Raja y Balouet intercambiaron sus miradas. ¿Qué debían responder?

– Simplemente diles la verdad -murmuro Raja.

– Imposible -respondió Jacques y le contó al anciano la siguiente historia: eran periodistas de Francia que habían venido para informar sobre las consecuencias que la construcción de la presa había causado en el paisaje del Alto Egipto; el chamsin había hecho naufragar su barca y buscaban ayuda para poder llegar a Sudán.

El jeque pareció motivado en comprender las palabras de Balouet, puesto que lo escuchó con la mano junto a la oreja izquierda, lo que semejaba ser más un signo de gran interés que de sordera. Escuchó la historia, torció los labios arrugados en una extraña sonrisa y escupió de modo que la saliva describió un gran arco antes de caer al suelo. A continuación empezó a bendecir a Alá que permitió que tuviera una educación escolar y le había otorgado el don de hablar otras lenguas. Entre Kurusku y Uadi Halfa nadie podía igualarlo en ese punto.

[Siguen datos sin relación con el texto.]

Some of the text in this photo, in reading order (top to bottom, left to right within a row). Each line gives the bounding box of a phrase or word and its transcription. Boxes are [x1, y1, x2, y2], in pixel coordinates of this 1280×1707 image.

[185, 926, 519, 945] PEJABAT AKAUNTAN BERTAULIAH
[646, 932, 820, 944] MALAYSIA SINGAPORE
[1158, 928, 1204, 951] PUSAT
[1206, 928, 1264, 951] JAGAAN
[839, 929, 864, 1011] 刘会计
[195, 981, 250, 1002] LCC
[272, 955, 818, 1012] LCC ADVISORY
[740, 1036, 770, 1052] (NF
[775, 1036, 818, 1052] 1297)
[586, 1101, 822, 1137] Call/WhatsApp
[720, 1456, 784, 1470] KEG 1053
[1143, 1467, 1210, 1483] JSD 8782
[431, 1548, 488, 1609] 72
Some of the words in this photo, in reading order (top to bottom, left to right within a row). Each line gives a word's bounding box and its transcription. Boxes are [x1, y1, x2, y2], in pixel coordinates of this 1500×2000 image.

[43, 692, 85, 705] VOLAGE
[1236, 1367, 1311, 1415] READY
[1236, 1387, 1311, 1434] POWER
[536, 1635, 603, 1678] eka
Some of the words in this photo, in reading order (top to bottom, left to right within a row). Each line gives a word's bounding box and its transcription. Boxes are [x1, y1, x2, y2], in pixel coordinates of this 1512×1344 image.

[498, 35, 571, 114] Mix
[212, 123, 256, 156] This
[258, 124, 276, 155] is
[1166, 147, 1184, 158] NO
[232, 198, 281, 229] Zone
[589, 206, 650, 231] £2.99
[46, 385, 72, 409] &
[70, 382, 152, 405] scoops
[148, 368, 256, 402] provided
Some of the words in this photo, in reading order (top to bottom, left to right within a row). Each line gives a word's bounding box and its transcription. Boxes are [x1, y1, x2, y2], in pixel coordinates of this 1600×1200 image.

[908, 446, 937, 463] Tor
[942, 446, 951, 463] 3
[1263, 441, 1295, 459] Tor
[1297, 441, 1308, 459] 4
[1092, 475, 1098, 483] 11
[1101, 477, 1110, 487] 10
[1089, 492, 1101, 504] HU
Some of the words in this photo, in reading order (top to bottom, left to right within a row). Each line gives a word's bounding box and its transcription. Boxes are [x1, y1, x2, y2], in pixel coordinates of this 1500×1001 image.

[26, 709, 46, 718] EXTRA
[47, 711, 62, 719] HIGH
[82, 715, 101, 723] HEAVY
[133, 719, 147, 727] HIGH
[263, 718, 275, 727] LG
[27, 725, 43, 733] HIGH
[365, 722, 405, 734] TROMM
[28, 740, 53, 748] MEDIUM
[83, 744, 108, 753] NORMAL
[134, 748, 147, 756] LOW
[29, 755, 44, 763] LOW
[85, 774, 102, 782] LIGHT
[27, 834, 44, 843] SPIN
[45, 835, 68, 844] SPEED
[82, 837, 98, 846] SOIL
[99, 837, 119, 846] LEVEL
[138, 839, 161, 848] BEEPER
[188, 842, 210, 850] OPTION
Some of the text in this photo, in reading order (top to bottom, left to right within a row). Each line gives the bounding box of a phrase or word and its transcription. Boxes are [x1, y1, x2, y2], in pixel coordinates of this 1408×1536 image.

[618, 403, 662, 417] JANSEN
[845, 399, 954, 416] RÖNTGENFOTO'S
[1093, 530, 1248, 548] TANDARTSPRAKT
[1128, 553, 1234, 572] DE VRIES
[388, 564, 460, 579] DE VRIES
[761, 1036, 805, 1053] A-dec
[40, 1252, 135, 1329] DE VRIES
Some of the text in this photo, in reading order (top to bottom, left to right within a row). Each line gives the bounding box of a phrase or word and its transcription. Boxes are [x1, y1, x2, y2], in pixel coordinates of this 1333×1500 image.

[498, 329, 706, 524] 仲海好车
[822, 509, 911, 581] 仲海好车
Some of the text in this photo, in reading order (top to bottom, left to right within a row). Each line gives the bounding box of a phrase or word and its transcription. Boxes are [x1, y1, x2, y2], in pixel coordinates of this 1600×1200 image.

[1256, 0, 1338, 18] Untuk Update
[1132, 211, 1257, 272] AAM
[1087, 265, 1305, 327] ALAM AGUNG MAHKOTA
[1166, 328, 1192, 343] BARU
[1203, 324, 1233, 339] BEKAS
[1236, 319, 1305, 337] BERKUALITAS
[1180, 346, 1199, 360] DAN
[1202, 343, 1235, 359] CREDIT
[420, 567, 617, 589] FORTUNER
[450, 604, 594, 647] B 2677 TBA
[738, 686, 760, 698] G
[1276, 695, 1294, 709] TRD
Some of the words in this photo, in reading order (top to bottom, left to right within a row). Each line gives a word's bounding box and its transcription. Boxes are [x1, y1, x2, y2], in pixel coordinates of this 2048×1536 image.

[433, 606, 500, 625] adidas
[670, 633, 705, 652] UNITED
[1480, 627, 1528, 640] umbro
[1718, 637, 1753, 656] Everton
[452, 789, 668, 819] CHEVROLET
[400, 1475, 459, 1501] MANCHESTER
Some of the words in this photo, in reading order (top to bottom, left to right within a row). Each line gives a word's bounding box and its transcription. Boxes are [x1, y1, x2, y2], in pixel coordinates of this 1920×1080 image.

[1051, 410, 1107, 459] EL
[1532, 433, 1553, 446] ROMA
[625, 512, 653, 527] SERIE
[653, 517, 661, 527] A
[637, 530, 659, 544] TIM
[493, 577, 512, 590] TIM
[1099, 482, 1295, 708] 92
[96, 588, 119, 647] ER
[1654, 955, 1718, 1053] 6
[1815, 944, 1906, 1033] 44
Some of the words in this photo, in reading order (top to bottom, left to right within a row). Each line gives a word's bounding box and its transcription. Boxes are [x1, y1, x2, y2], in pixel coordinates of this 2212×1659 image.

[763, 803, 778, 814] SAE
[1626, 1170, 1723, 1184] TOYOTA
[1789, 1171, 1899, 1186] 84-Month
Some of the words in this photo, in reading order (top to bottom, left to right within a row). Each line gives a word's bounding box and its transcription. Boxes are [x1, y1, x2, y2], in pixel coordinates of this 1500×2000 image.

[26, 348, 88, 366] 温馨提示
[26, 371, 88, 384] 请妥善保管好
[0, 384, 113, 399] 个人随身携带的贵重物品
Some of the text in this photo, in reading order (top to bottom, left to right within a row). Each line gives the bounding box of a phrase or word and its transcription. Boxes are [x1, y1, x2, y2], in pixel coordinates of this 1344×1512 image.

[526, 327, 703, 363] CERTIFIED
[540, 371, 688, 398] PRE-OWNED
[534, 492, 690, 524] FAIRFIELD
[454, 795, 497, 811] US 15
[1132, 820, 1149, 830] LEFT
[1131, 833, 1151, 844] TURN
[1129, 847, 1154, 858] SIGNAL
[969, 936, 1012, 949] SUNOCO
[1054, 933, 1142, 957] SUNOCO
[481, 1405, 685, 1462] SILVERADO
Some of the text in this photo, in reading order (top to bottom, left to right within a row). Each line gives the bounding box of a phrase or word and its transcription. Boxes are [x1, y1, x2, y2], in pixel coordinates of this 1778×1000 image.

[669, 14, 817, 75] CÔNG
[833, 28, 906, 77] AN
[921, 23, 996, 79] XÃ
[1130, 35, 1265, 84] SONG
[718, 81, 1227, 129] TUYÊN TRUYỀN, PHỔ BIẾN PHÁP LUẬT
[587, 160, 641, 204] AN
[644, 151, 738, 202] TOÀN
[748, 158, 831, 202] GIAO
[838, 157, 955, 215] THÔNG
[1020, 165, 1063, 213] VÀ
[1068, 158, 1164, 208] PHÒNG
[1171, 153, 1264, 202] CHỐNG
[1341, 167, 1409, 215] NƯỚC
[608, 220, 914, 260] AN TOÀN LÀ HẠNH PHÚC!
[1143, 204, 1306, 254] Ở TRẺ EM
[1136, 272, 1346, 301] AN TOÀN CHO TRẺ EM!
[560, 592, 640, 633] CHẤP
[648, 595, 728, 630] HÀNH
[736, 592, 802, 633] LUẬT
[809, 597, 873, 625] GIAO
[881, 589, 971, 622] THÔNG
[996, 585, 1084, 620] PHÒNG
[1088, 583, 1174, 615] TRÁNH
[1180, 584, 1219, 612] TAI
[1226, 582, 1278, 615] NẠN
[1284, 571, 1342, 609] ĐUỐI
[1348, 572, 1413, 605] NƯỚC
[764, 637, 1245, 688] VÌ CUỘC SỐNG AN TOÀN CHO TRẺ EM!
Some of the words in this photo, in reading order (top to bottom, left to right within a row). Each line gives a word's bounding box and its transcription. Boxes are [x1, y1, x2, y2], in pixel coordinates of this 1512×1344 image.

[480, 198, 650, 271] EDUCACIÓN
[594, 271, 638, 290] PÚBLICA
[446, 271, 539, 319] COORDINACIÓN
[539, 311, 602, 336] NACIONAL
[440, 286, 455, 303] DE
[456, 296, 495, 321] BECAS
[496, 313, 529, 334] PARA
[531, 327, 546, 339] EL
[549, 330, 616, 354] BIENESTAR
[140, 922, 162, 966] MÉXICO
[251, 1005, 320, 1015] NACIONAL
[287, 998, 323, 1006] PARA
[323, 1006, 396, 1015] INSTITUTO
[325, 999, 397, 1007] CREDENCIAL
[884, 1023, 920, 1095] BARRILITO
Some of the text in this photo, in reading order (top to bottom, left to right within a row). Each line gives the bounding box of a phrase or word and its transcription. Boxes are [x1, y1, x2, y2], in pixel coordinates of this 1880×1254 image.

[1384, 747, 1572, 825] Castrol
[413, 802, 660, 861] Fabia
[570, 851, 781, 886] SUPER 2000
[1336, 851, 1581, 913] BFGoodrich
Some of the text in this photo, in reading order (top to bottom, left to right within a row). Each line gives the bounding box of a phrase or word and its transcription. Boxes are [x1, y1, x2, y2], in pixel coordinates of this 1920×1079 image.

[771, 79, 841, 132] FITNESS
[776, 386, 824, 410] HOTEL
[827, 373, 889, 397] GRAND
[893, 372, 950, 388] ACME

Los dos forasteros aceptaron sus palabras con un movimiento de cabeza afirmativo, esperando ganarse con esa actitud la confianza del jefe de la aldea. Pero de improviso, éste comenzó a insultar a los extranjeros y, en particular, a los periodistas. Interrumpía cada una de sus frases en su trances chapucero para lanzar un nuevo escupitajo a la arena como si fueran unos puntos suspensivos. Primero, se lamentó, habían sido ocupados por los ingleses y ahora por los rusos. Los periodistas eran una pandilla especial -utilizó para describirlos la palabra francesa canaille- que siempre ocultaban o deformaban la verdad y hasta ahora ninguno había informado de cómo el gobierno se había portado con los habitantes de las aldeas, que vieron cómo es inundaban las casas y las tierras que desde siempre fueron desde sus antepasados, simplemente en busca de un beneficio para los burócratas. Nasser, su presidente, era perro que se había aliado con los perros cristianos y si Alá, el Todopoderoso, hubiera querido que el Nilo se extendiera hasta convertirse en un gran lago, casi tan grande como el mar que se encuentra detrás de La Meca y Medina, las dos ciudades santas, le habría bastado con chasquear los dedos para conseguirlo. Pero no fue así y los rusos, procedentes de las estepas de Asia, llegaron al país a miles, más abundantes que las moscas en el estiércol de los camellos, y se dejaron caer sobre Egipto para explotar el país. Y pese a que la presa, esa vergüenza en el corazón de su tierra, estuviera terminada, los rusos que habían dejado esa herida en el alma de Egipto no retornaban a su patria.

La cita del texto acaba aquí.